Após a operação militar dos Estados Unidos na Venezuela, que terminou com a prisão de Nicolás Maduro e de sua esposa, Cilia Flores, o presidente norte-americano Donald Trump voltou a elevar o tom contra países da América Latina. Em declaração a jornalistas, ele afirmou que uma possível ação militar contra a Colômbia “soa bem”.
A fala foi feita a bordo do Air Force One, na noite de domingo (4), quando Trump criticou diretamente o presidente colombiano Gustavo Petro, a quem chamou de “homem doente”. O republicano acusou o governo colombiano de tolerar a produção e o envio de cocaína para os Estados Unidos e afirmou que isso “não vai continuar por muito tempo”. Em outubro de 2025, a gestão Trump já havia imposto sanções contra Petro.
Questionado sobre a possibilidade concreta de uma ofensiva militar contra a Colômbia, Trump respondeu de forma direta: “Soa bem para mim”.
O presidente dos EUA também direcionou críticas ao México, afirmando que o país precisa “se organizar” e que Washington deve “fazer alguma coisa” em relação ao governo mexicano.
As declarações provocaram reação imediata em Bogotá. Nesta segunda-feira (5), Gustavo Petro classificou a fala de Trump como uma “ameaça ilegítima” e acusou o governo norte-americano de utilizar o discurso como instrumento de pressão política contra a Colômbia.
Trump ainda comentou a situação de Cuba, afirmando que uma intervenção militar americana não seria necessária, já que, segundo ele, o país estaria próximo de um colapso interno. “Cuba está prestes a ser nocauteada”, declarou.
As manifestações ocorrem na esteira da ofensiva dos EUA em Caracas, realizada na madrugada do último sábado (3), quando forças norte-americanas capturaram Nicolás Maduro e Cilia Flores.
Com a retirada de Maduro do poder, o Tribunal Supremo de Justiça da Venezuela reconheceu a vice-presidente Delcy Rodríguez como presidente interina. A decisão prevê um mandato temporário de 90 dias, com o objetivo de assegurar a continuidade administrativa do país. As Forças Armadas venezuelanas também confirmaram apoio à nova liderança.
Ao comentar o cenário venezuelano, Trump afirmou que os Estados Unidos estão “no comando” do país, embora tenha evitado detalhar o grau de envolvimento com o governo interino.
Em tom distinto, o secretário de Estado Marco Rubio buscou reduzir a percepção de intervenção direta.

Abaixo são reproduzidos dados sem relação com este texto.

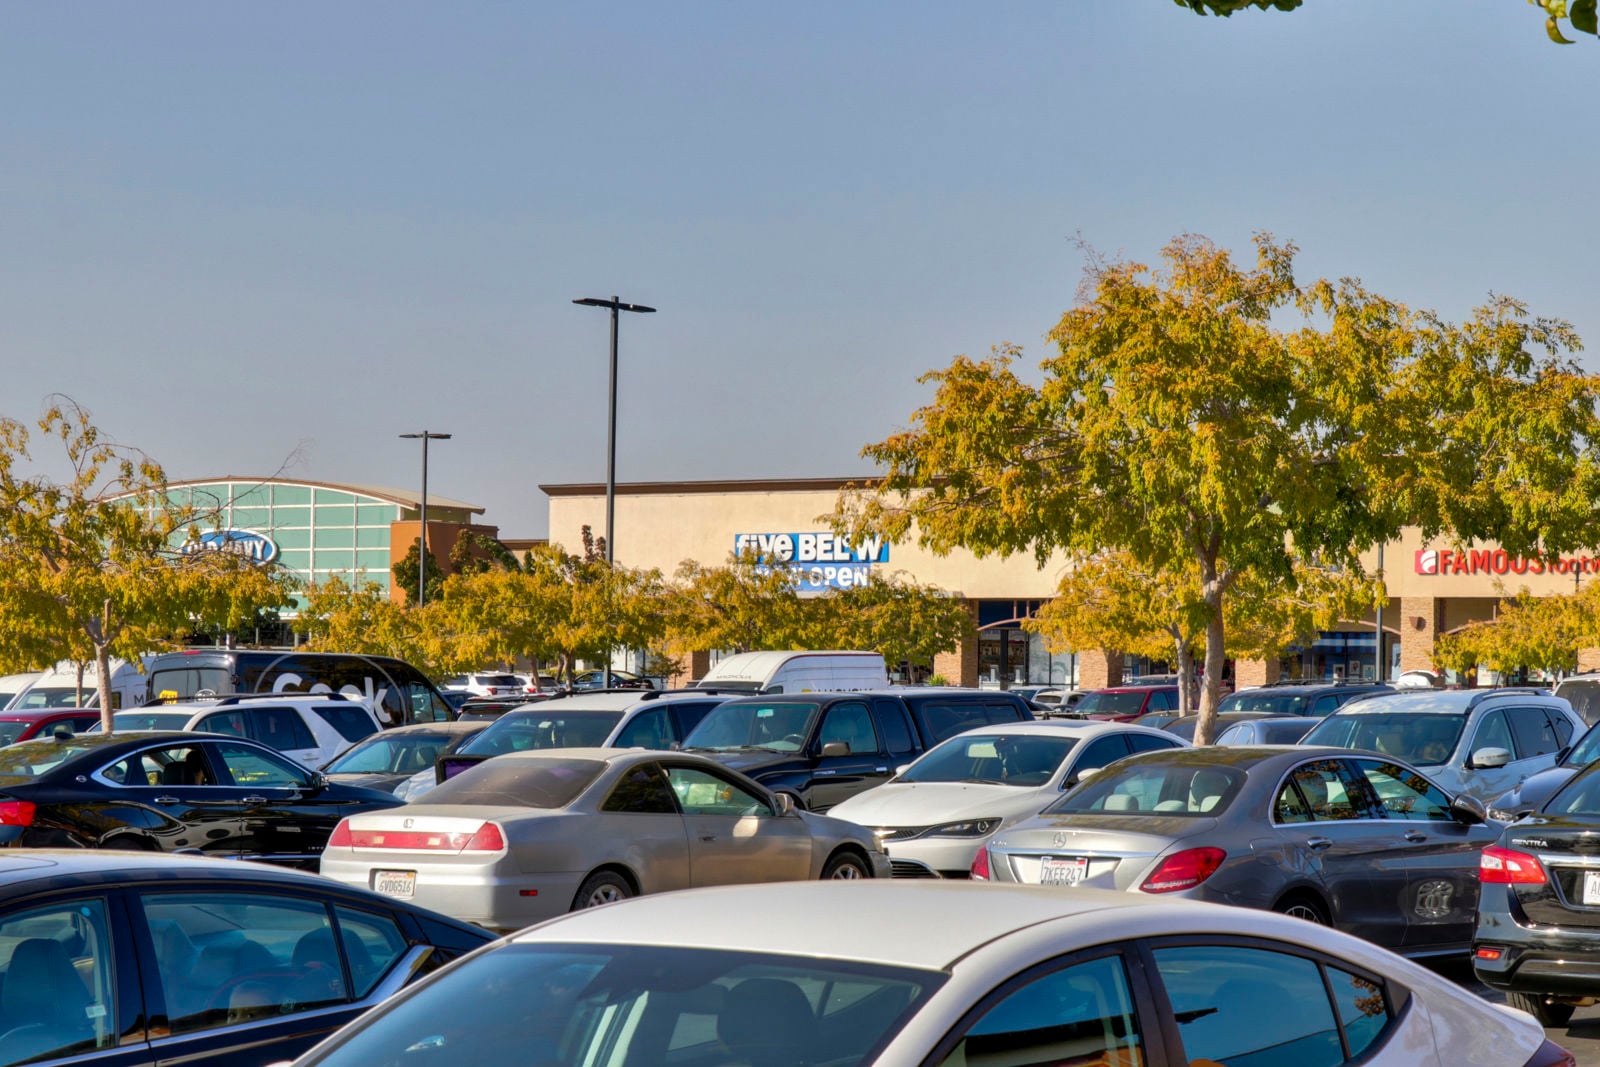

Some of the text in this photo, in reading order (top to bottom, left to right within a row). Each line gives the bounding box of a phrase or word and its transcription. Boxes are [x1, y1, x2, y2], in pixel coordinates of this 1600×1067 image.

Segundo ele, Washington não pretende atuar na administração cotidiana da Venezuela, mas manterá a chamada “quarentena do petróleo” como forma de pressão política e econômica.
De acordo com Rubio, a medida tem como objetivo forçar mudanças na gestão da indústria petrolífera venezuelana e combater o tráfico de drogas, sem envolvimento direto dos EUA no governo interino.